§ **EXERCISE INPUTS**:
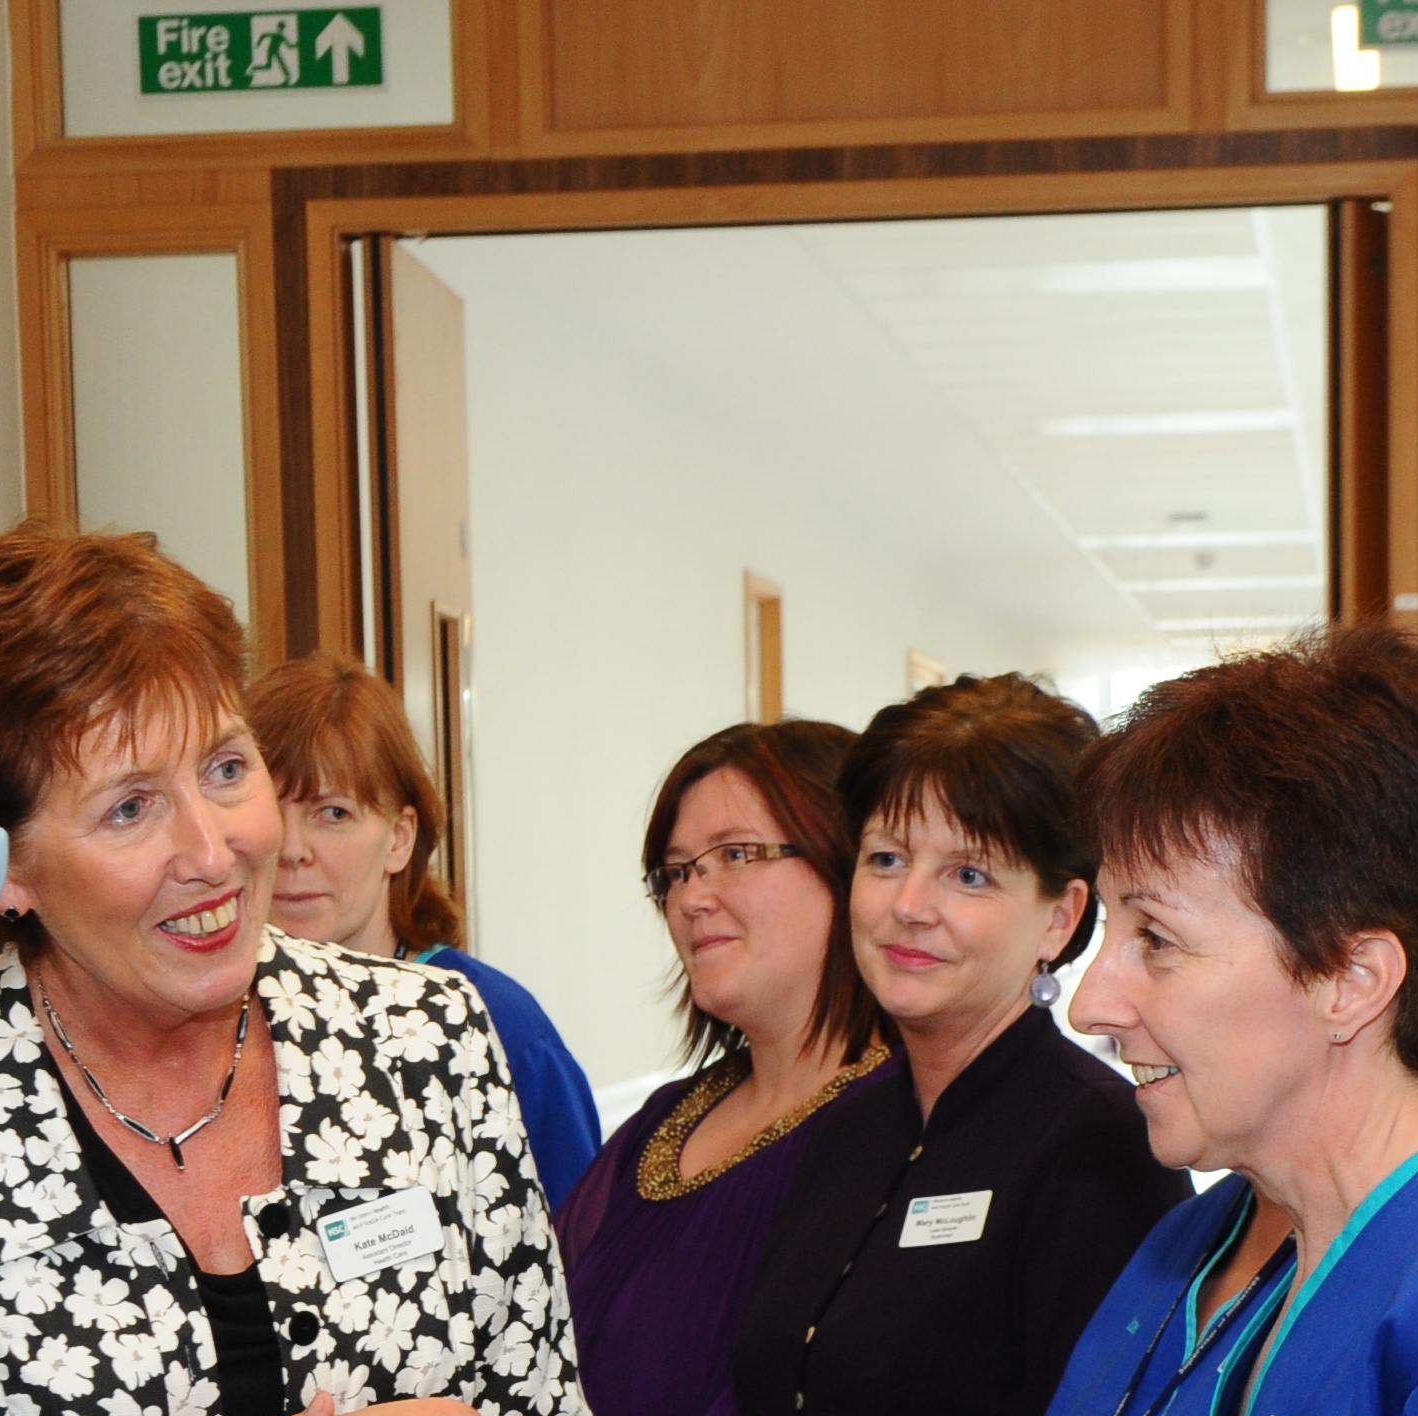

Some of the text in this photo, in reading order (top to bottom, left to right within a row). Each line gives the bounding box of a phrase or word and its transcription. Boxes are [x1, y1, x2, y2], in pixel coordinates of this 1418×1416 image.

[156, 18, 230, 55] Fire
[158, 49, 233, 90] exit
[354, 1224, 414, 1251] Kate McDaid
[389, 1240, 411, 1250] Director

§ **WHAT IS REQUIRED**:
Return every entry above word for word, and include no images.

§ **TASK OUTPUT**:
Some of the text in this photo, in reading order (top to bottom, left to right within a row). Each line gives the bounding box of a phrase or word and its transcription. Boxes are [x1, y1, x2, y2], in pixel coordinates of this 1418×1416 image.

[156, 18, 230, 55] Fire
[158, 49, 233, 90] exit
[354, 1224, 414, 1251] Kate McDaid
[389, 1240, 411, 1250] Director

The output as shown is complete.